In a blocking system, each HTTP call ties up a thread until a response is received. This limits scalability because threads are a limited and expensive resource.\
With async execution, **threads are released** immediately after making the call, allowing them to serve other requests.

> For example: In a thread-per-request model, handling 1000 concurrent calls might need 1000 threads. With non-blocking async, we can achieve the same with just a fraction.

#### 2. **Faster Aggregate Latency**

When calling multiple downstream services, synchronous calls are executed sequentially—each one adds to total latency. Asynchronous calls allow **parallel execution**, significantly reducing the overall response time.

> For instance: Two services each take 500ms to respond. Sync execution takes \~1s, while async in parallel takes \~500ms.

#### 3. **Higher Throughput**

Applications using asynchronous execution can handle **more concurrent requests** under the same hardware constraints, resulting in better throughput, especially under heavy load or spikes in traffic.

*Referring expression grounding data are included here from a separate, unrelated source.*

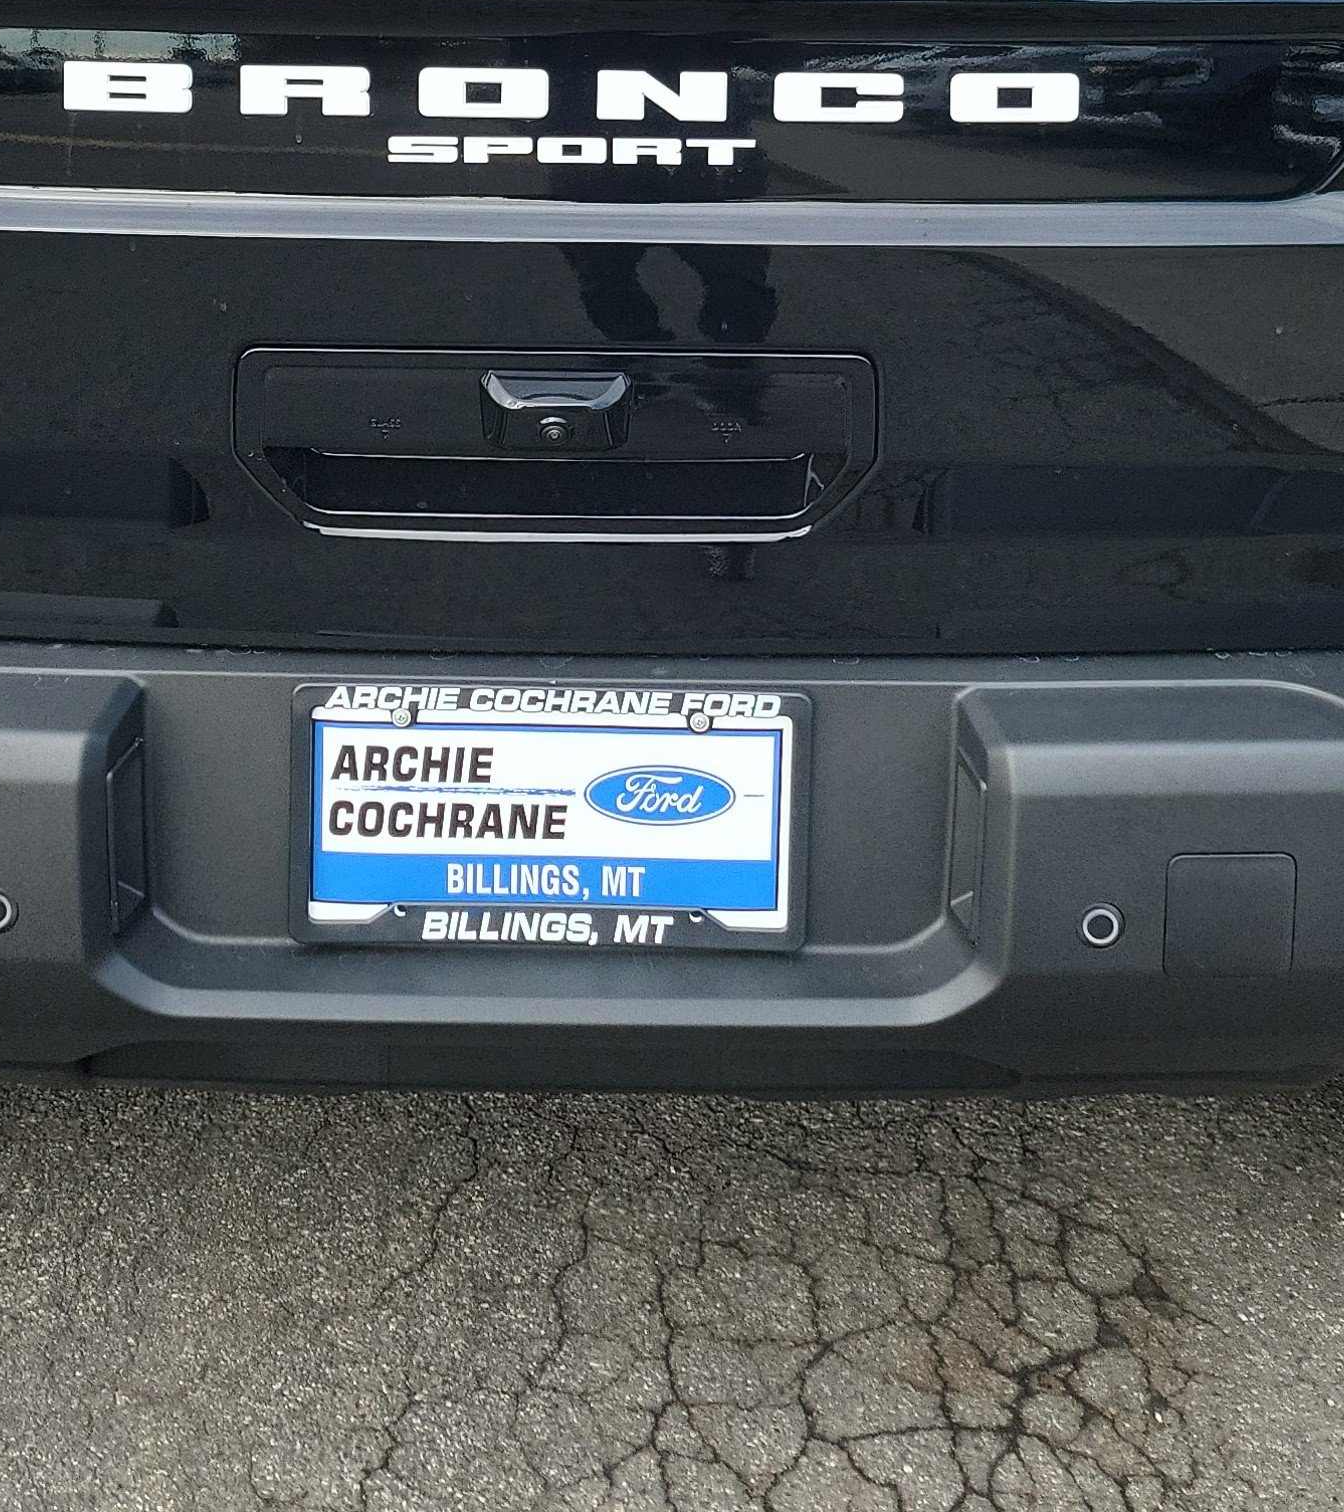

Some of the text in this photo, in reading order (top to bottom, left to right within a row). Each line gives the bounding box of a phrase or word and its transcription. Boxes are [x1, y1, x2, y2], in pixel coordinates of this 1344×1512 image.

[63, 60, 1080, 123] BRONCO
[387, 135, 756, 165] SPORT
[325, 685, 781, 719] ARCHIE COCHRANE FORD
[330, 744, 495, 783] ARCHIE
[615, 771, 702, 815] Ford
[328, 800, 568, 841] COCHRANE
[446, 863, 646, 900] BILLINGS, MT
[422, 910, 674, 947] BILLINGS, MT
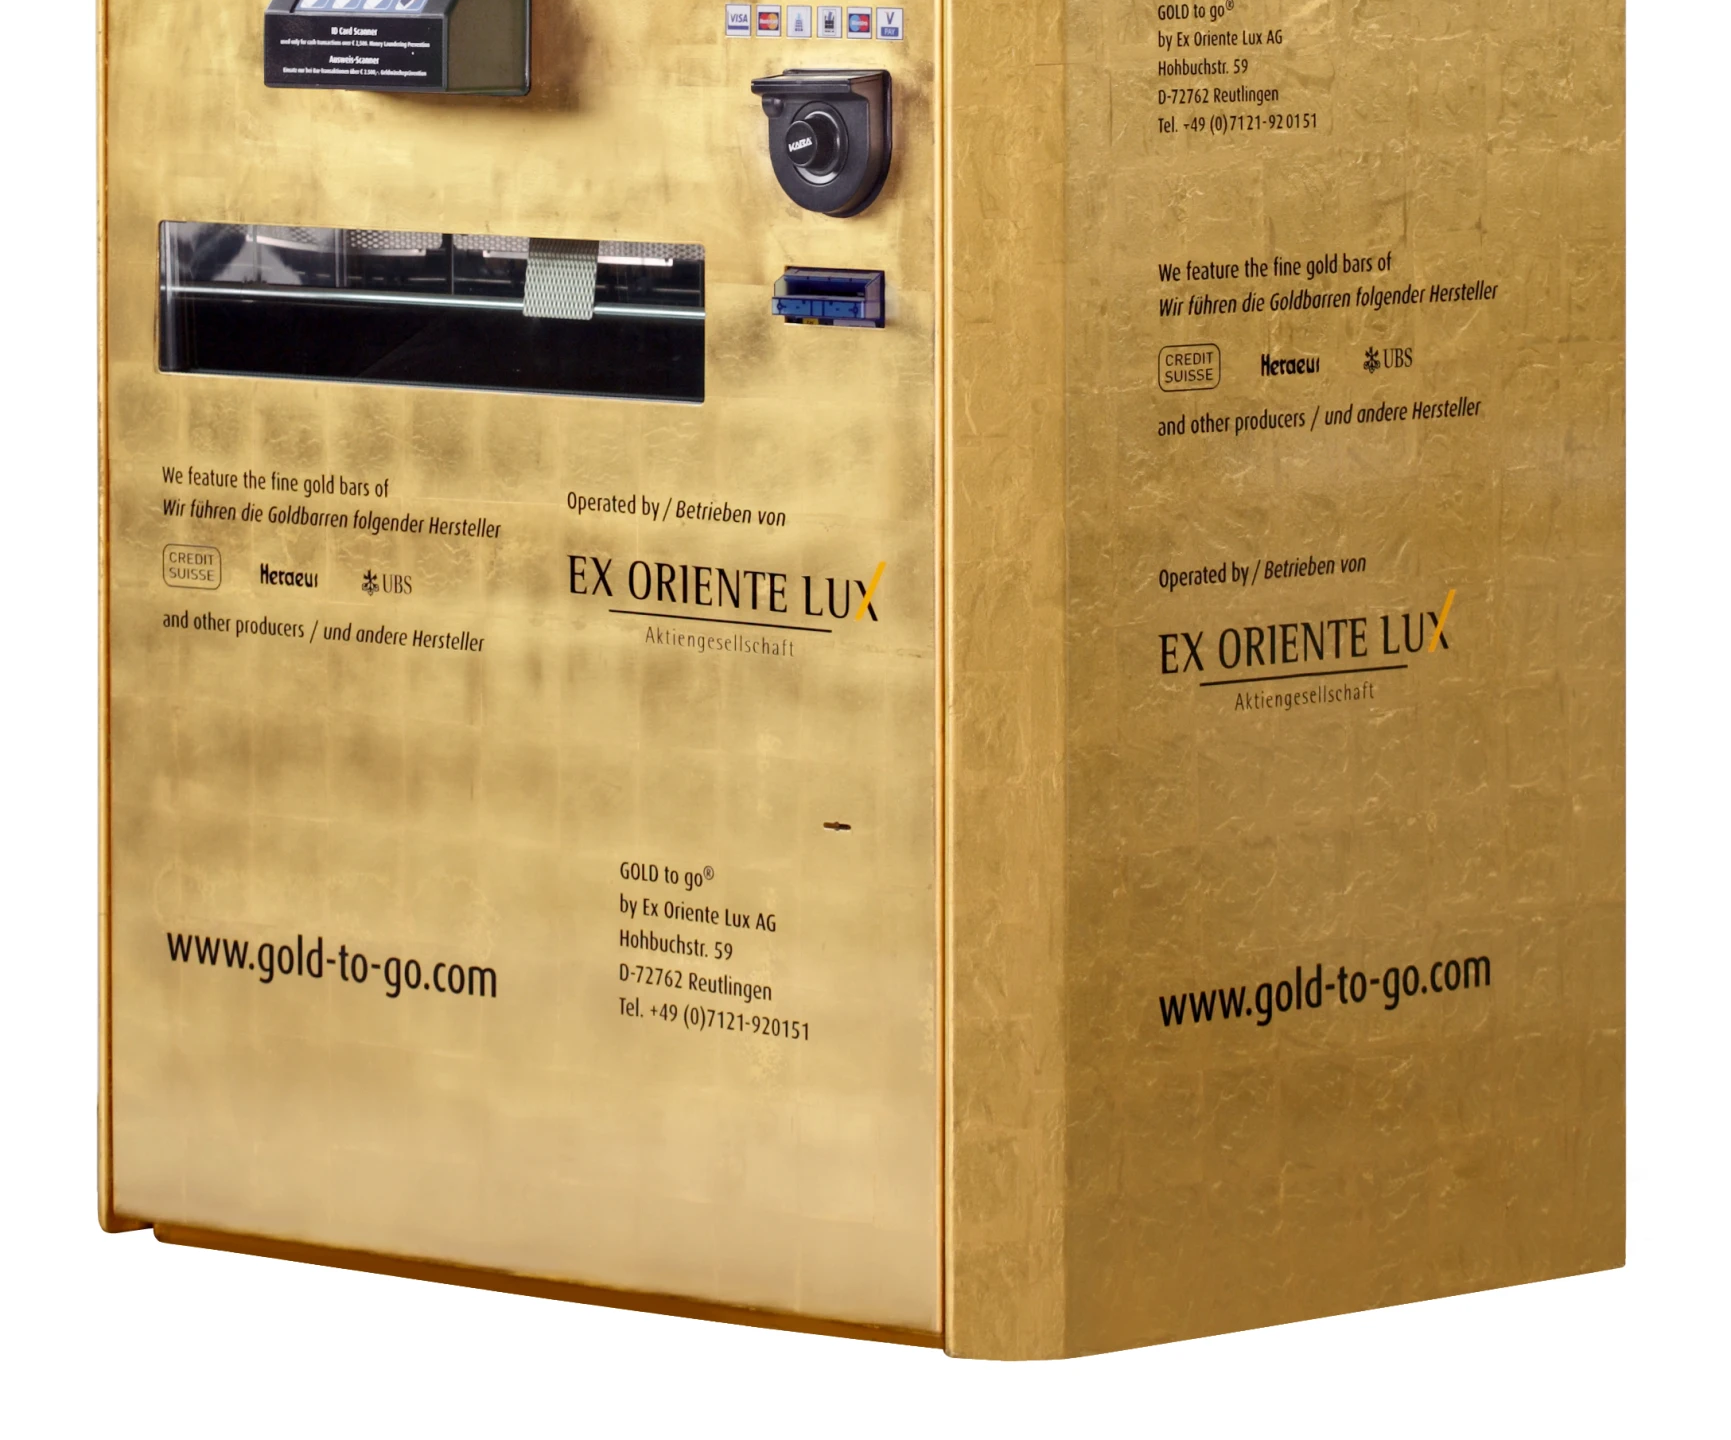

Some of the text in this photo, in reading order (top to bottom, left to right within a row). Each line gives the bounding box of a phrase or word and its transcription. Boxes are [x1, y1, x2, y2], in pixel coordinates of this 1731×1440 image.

[730, 13, 748, 23] VISA
[1158, 4, 1189, 20] GOLD
[1193, 4, 1205, 18] to
[339, 27, 352, 36] Card
[353, 27, 378, 36] Scanner
[1158, 29, 1282, 51] by Ex Oriente Lux AG
[1159, 58, 1248, 76] Hohbuchstr. 59
[1158, 85, 1278, 106] D-72762 Reutlingen
[1158, 116, 1178, 133] Tel.
[1184, 117, 1205, 132] +49
[788, 137, 813, 152] KABA
[1158, 251, 1392, 282] We feature the fine gold bars of
[1160, 280, 1498, 317] Wir führen die Goldbarren folgender Hersteller
[1165, 352, 1214, 367] CREDIT
[1383, 347, 1413, 369] UBS
[1165, 367, 1213, 383] SUISSE
[162, 466, 388, 498] We feature the fine gold bars of
[164, 499, 501, 538] Wir führen die Goldbarren folgender Hersteller
[168, 551, 215, 566] CREDIT
[168, 566, 215, 582] SUISSE
[382, 574, 413, 595] UBS
[567, 555, 887, 622] EX ORIENTE LUX
[646, 626, 793, 656] Aktiengesellschaft
[1158, 588, 1456, 674] EX ORIENTE LUX
[1235, 681, 1374, 711] Aktiengesellschaft
[620, 862, 658, 882] GOLD
[665, 866, 679, 884] to
[620, 893, 776, 932] by Ex Oriente Lux AG
[620, 929, 732, 960] Hohbuchstr. 59
[167, 933, 496, 998] www.gold-to-go.com
[620, 963, 771, 1003] D-72762 Reutlingen
[1159, 956, 1490, 1027] www.gold-to-go.com
[619, 997, 808, 1040] Tel. +49 (0)7121-920151

#### 4. **Responsive UI and APIs**

Async calls help **maintain responsiveness** in front-end APIs or UI components. Backend calls don't block the thread serving the user, so our system feels more reactive and snappy, even during slow downstream responses.

#### 5. **Essential for Event-Driven and Reactive Systems**

In reactive architectures (e.g., using Spring WebFlux), **non-blocking async** is not optional—it's foundational. It enables seamless data streaming, event chaining, and composition of async pipelines.

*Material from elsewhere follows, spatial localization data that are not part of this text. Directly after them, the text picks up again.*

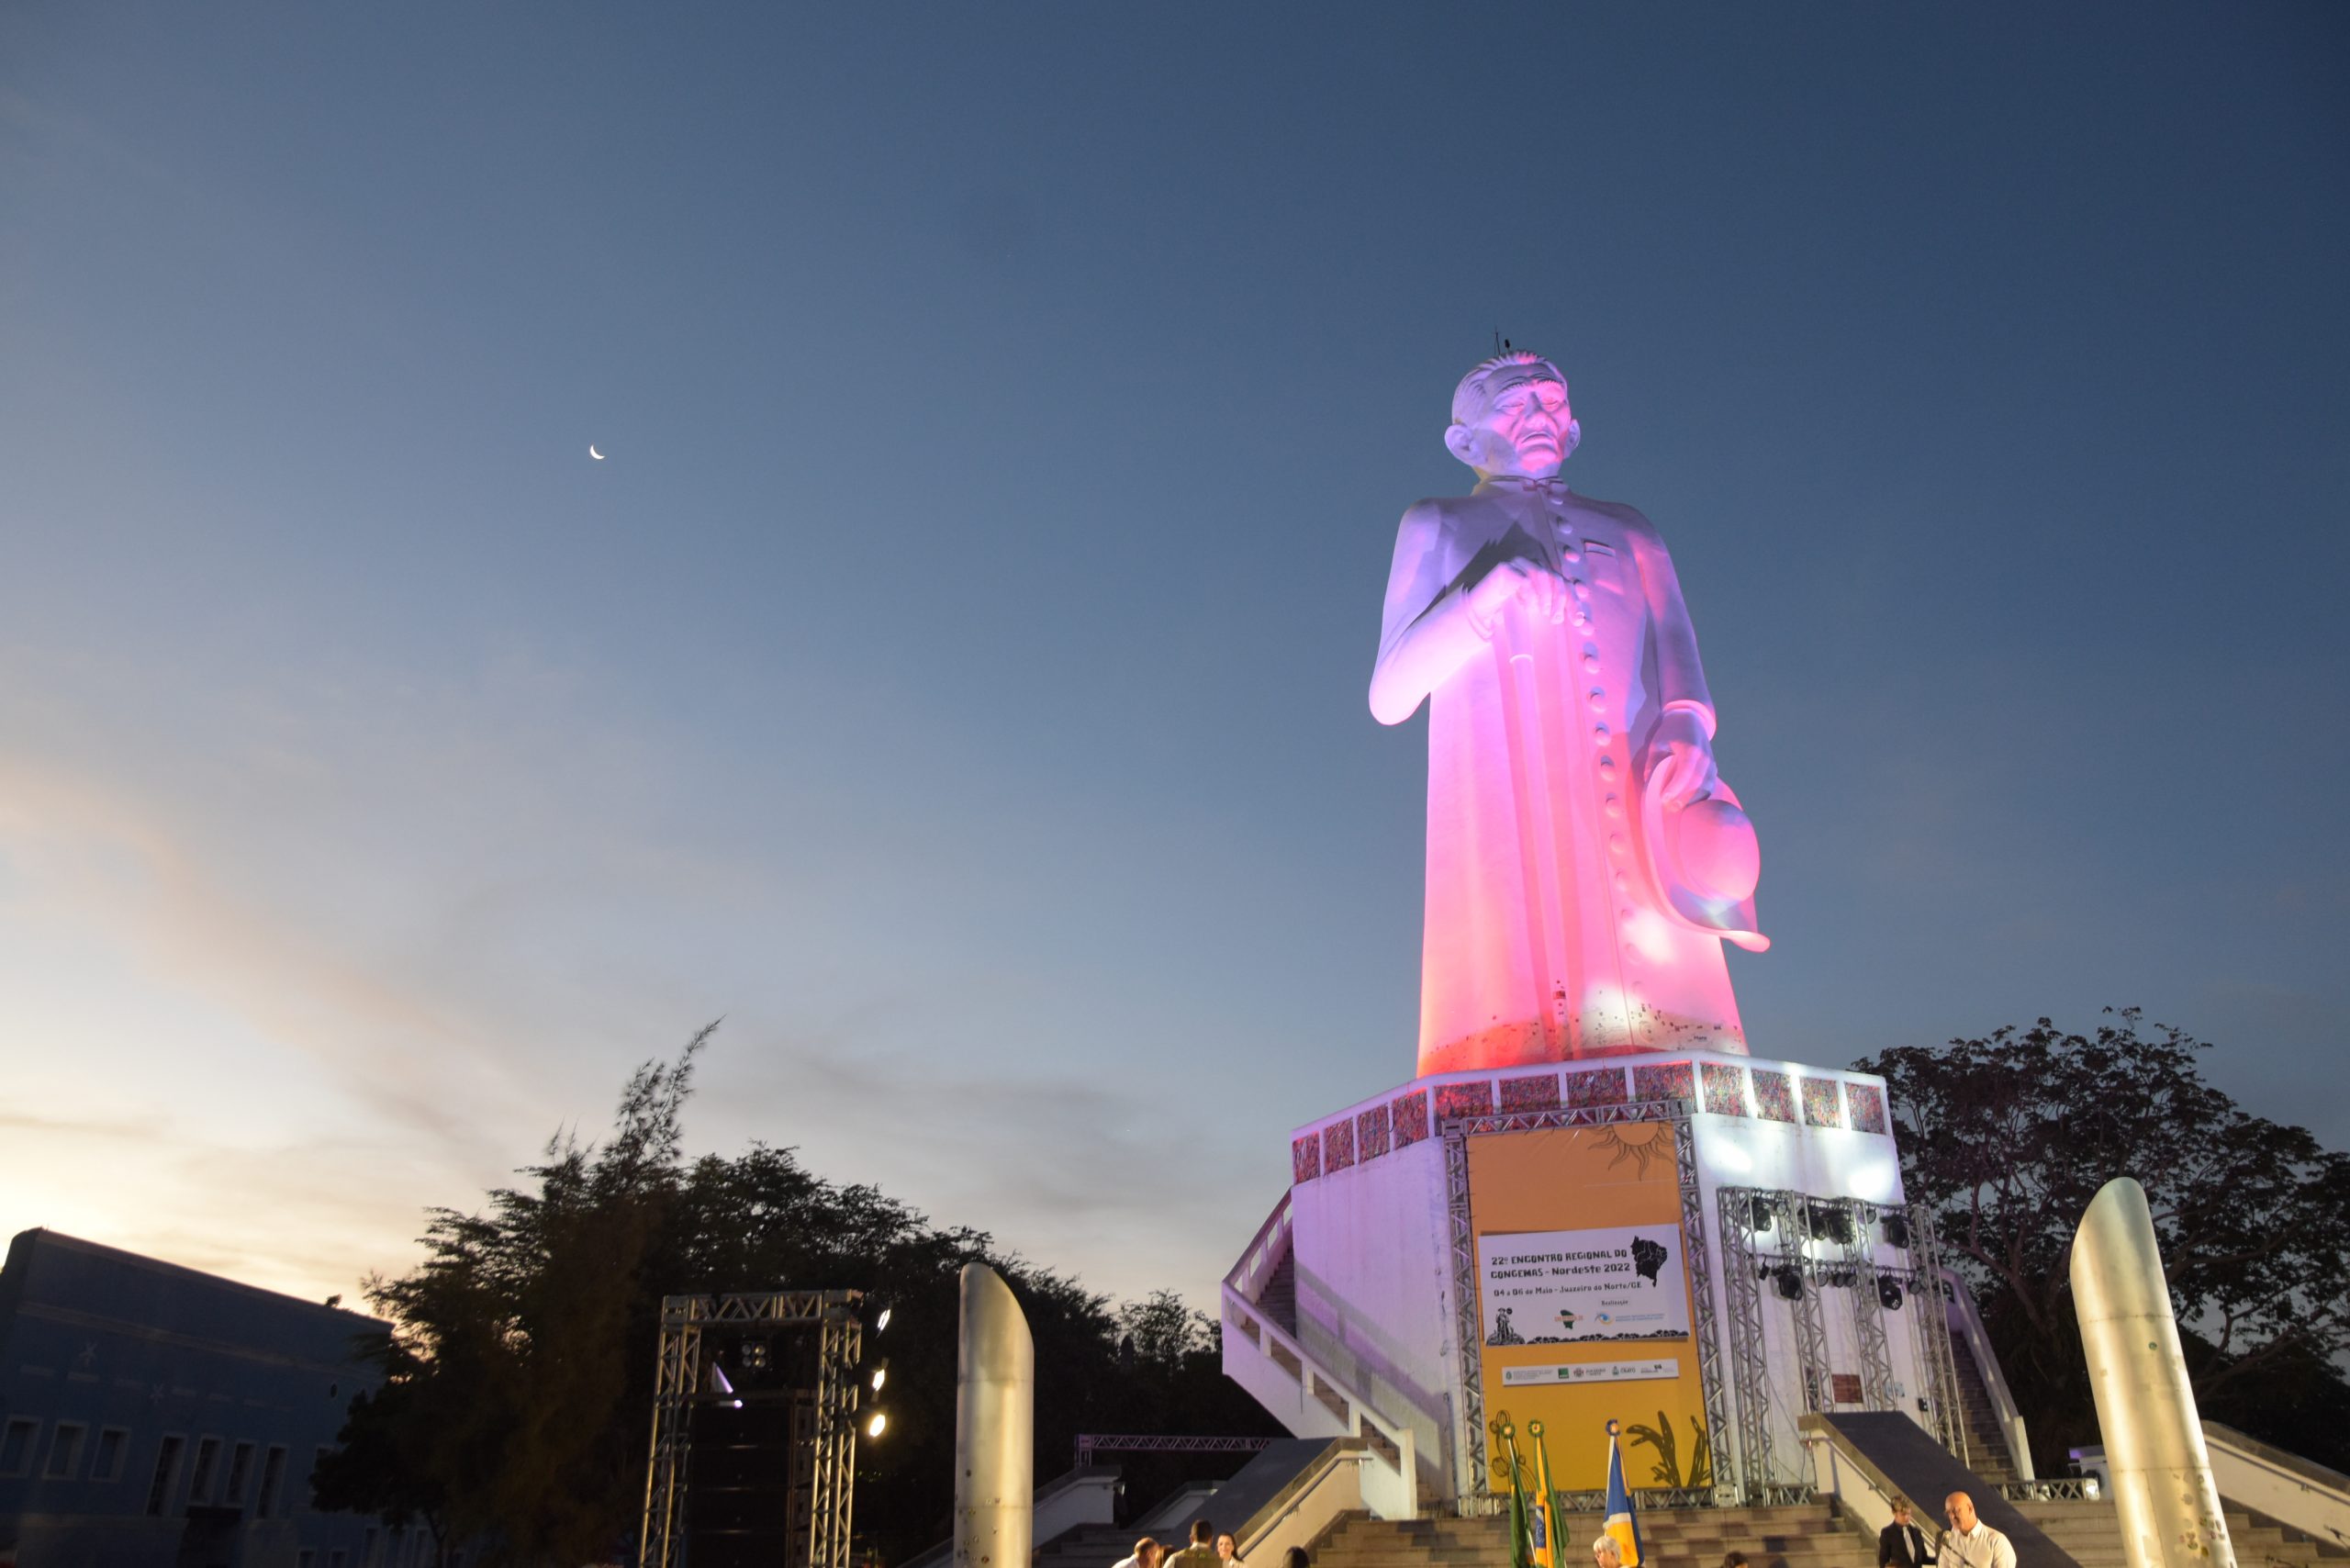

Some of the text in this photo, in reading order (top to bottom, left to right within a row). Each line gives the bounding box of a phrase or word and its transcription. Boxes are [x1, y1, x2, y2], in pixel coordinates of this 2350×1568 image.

[1511, 1253, 1562, 1264] ENCONTRO
[1565, 1250, 1612, 1261] REGIONAL
[1615, 1249, 1628, 1258] DO
[1491, 1268, 1543, 1279] CONGEMAS
[1552, 1265, 1601, 1275] Nordeste
[1604, 1262, 1630, 1272] 2022
[1512, 1288, 1524, 1296] 06
[1535, 1286, 1553, 1294] Maio
[1560, 1284, 1592, 1294] Juazeiro
[1604, 1281, 1642, 1291] Norte/CE

#### 6. **Better Error Isolation**

Async flows allow graceful degradation. If one service call fails, the system can recover using fallback data or skip the failed step without crashing the entire flow.

#### 7. **Optimal for Cloud and Microservices**

Async communication aligns well with microservices and cloud-native design, where:

* Network latency is variable
* Services might be temporarily unavailable
* Horizontal scalability is expected
* Observability and resilience are required (timeouts, retries, backpressure)

#### 8. **Resource Efficiency in Blocking Scenarios**

Even when working with blocking databases or legacy systems, combining async I/O with bounded blocking thread pools helps us avoid resource starvation and maintain control over thread usage.

## Core Mechanism

Asynchronous execution with **Spring WebClient** is powered by **Reactor**, the reactive programming library at the core of **Spring WebFlux**. The key idea is to **not block threads** while waiting for HTTP responses, but instead use **event-driven, non-blocking I/O**.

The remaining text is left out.